Obstetrician–gynecologists should be discouraged from prescribing or suggesting the use of marijuana for medicinal purposes during preconception, pregnancy, and lactation. Pregnant women or women contemplating pregnancy should be encouraged to discontinue use of marijuana for medicinal purposes in favor of an alternative therapy for which there are better pregnancy-specific safety data. There are insufficient data to evaluate the effects of marijuana use on infants during lactation and breastfeeding, and in the absence of such data, marijuana use is discouraged.
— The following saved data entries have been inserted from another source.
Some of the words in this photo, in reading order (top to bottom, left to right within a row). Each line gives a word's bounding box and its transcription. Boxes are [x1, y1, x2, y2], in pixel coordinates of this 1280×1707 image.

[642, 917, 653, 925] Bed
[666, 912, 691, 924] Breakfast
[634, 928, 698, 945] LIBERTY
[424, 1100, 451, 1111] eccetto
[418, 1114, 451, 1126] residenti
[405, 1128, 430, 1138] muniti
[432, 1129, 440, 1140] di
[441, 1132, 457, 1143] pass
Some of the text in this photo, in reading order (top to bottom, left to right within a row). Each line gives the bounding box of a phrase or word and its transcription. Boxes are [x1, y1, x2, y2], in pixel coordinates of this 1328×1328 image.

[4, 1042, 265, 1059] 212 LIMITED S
Many women who use marijuana continue to do so when they are pregnant (34-60%). A study, “Prevalence and patterns of marijuana use among pregnant and nonpregnant women of reproductive age,” found that 18.1% of pregnant women reporting marijuana use in the past year met the criteria for a substance use disorder. Certainty about the effects of marijuana on pregnancy and the developing fetus is difficult in part because users often use other drugs and in part because of other confounding variables. Marijuana smoke contains many of the same carcinogenic toxins as tobacco smoke. Adverse socioeconomic conditions like poverty and malnutrition can result in outcomes otherwise attributable to marijuana.
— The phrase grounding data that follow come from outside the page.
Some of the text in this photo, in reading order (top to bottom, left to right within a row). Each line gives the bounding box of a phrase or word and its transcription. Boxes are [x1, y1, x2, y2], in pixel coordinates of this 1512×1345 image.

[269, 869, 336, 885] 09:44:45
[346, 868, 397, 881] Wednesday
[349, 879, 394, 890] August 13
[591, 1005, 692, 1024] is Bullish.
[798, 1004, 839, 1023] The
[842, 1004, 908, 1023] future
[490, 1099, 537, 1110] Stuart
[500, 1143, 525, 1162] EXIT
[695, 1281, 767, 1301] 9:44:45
Marijuana use alone was not associated with an increased risk of lower birth weight. However, women who used marijuana at least weekly during their pregnancy were at increased risk of giving birth to a newborn weighing less than 5.5 pounds. Several studies noted statistically significant smaller birth lengths and lower birth weights. “These findings were more pronounced among women who used more marijuana, particularly during the first and second trimesters.” The clinical significance of these findings is still uncertain.
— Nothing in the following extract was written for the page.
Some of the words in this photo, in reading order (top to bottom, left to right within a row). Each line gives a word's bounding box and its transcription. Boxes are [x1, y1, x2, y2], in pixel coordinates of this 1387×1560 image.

Because of concerns of impaired neurodevelopment and maternal and fetal exposure to the adverse effects of smoking, women who are pregnant or considering pregnancy should be encouraged to stop using marijuana. The ACOG gave the following recommendations:
- Before pregnancy and in early pregnancy, all women should be asked about their use of tobacco, alcohol, and other drugs, including marijuana and other medications used for nonmedical reasons.
- Women reporting marijuana use should be counseled about concerns regarding potential adverse health consequences of continued use during pregnancy.
- Women who are pregnant or contemplating pregnancy should be encouraged to discontinue marijuana use.
- Pregnant women or women contemplating pregnancy should be encouraged to discontinue use of marijuana for medicinal purposes in favor of an alternative therapy for which there are better pregnancy-specific safety data.
- There are insufficient data to evaluate the effects of marijuana use on infants during lactation and breastfeeding, and in the absence of such data, marijuana use is discouraged.
In “Cannabis Use in Pregnancy May Lead to a More Anxious, Aggressive Child,” The New York Times noted the findings of the PNAS study added weight to a growing body of evidence linking cannabis use during pregnancy to psychiatric problems in children. A behavioral neuroscientist at Queens College said, “We have a long way to go to educate pregnant women, policymaker and even OB-GYN doctors in this issue.”
Studies have shown that THC can pass through the mother’s bloodstream to the placenta and then to the fetus. This is the case no matter how the cannabis is consumed, whether from smoking it, eating it or being exposed to it through vapors, oils or creams. If they contain THC, “they’re all going to pass through to the baby,” Dr. El-Chaâr said.
Many questions about marijuana use during pregnancy don’t yet have clear answers. For now, Dr. El-Chaâr urged caution. “What I would tell patients is that there’s no known safe amount.”